·妇儿临床·

B超联合宫腔镜下清宫术治疗剖宫产瘢痕部位妊娠116例的临床分析

卢艳 刘秋红 崔超美 李雪英

摘要 目的探讨B超联合宫腔镜清宫术治疗剖宫产瘢痕部位妊娠(CSP)的可行性。方法回顾性分析2015年1月1日至2016年12月31日在本院住院采用B超联合宫腔镜下清宫术治疗的116例CSP患者的临床资料,患者年龄在22~43岁,孕次2~13次,分析临床资料与治疗效果的关系。结果116例患者中Ⅰ型80例,Ⅱ型36例,Ⅲ型0例。B超联合宫腔镜下清宫术治疗CSP的成功率为95.7%,111例成功病例中,I型75例,孕囊直径<3.0 cm;II型36例均成功,孕囊直径<1.0 cm。111例成功病例的平均手术时间为7.1 min,术中平均出血量为21.7 ml,平均住院时间6.7 d,血β-hCG平均值(12 035.7±6 508.3)IU/L,平均住院费用6 541.8元。结论对于孕囊直径<3.0 cm的I型CSP病例和孕囊直径<1.0 cm的II型CSP病例,采用经B超联合宫腔镜下清宫是一种经济、安全、有效的治疗方案。

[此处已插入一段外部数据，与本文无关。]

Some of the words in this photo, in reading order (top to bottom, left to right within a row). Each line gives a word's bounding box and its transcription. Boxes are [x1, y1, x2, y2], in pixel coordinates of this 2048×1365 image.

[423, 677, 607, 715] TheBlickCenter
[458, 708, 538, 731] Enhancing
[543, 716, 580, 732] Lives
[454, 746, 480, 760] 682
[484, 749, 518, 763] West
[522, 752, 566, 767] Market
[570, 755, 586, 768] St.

关键词异位妊娠; 剖宫产术; 瘢痕; B超; 宫腔镜

剖宫产瘢痕部位妊娠(caesarean scar pregnancy,CSP)指胚胎着床于剖宫产后子宫切口瘢痕部位并生长发育,是一种少见的异位妊娠,是剖宫产的远期并发症之一[1]。近些年,由于全国剖宫产率居高不下,CSP的发病率也呈明显上升趋势[2]。目前,CSP的治疗无统一标准,很多CSP患者有再生育要求,在保证患者生命安全的同时如何保留患者的生育功能是治疗的关键。本院于2015年1月1日至2016年12月31日期间采用B超联合宫腔镜下清宫术治疗CSP患者116例,效果显著,现将结果报道如下,以便为今后治疗CSP提供参考。

资料与方法

1.研究对象:收集本院妇科2015年1月1日至2016年12月31日收治的CSP患者的临床资料,选取其中采用B超联合宫腔镜下清宫术治疗的116例CSP患者作为研究对象。患者年龄在22~43岁,平均年龄(31.4±5.3)岁;孕次2~13次,平均(4.2±1.1)次;其中31例患者有2次剖宫产史,85例患者有1次剖宫产史;此次妊娠距前次剖宫产时间最短8个月,最长14年。剖宫产均采用子宫下段横切口。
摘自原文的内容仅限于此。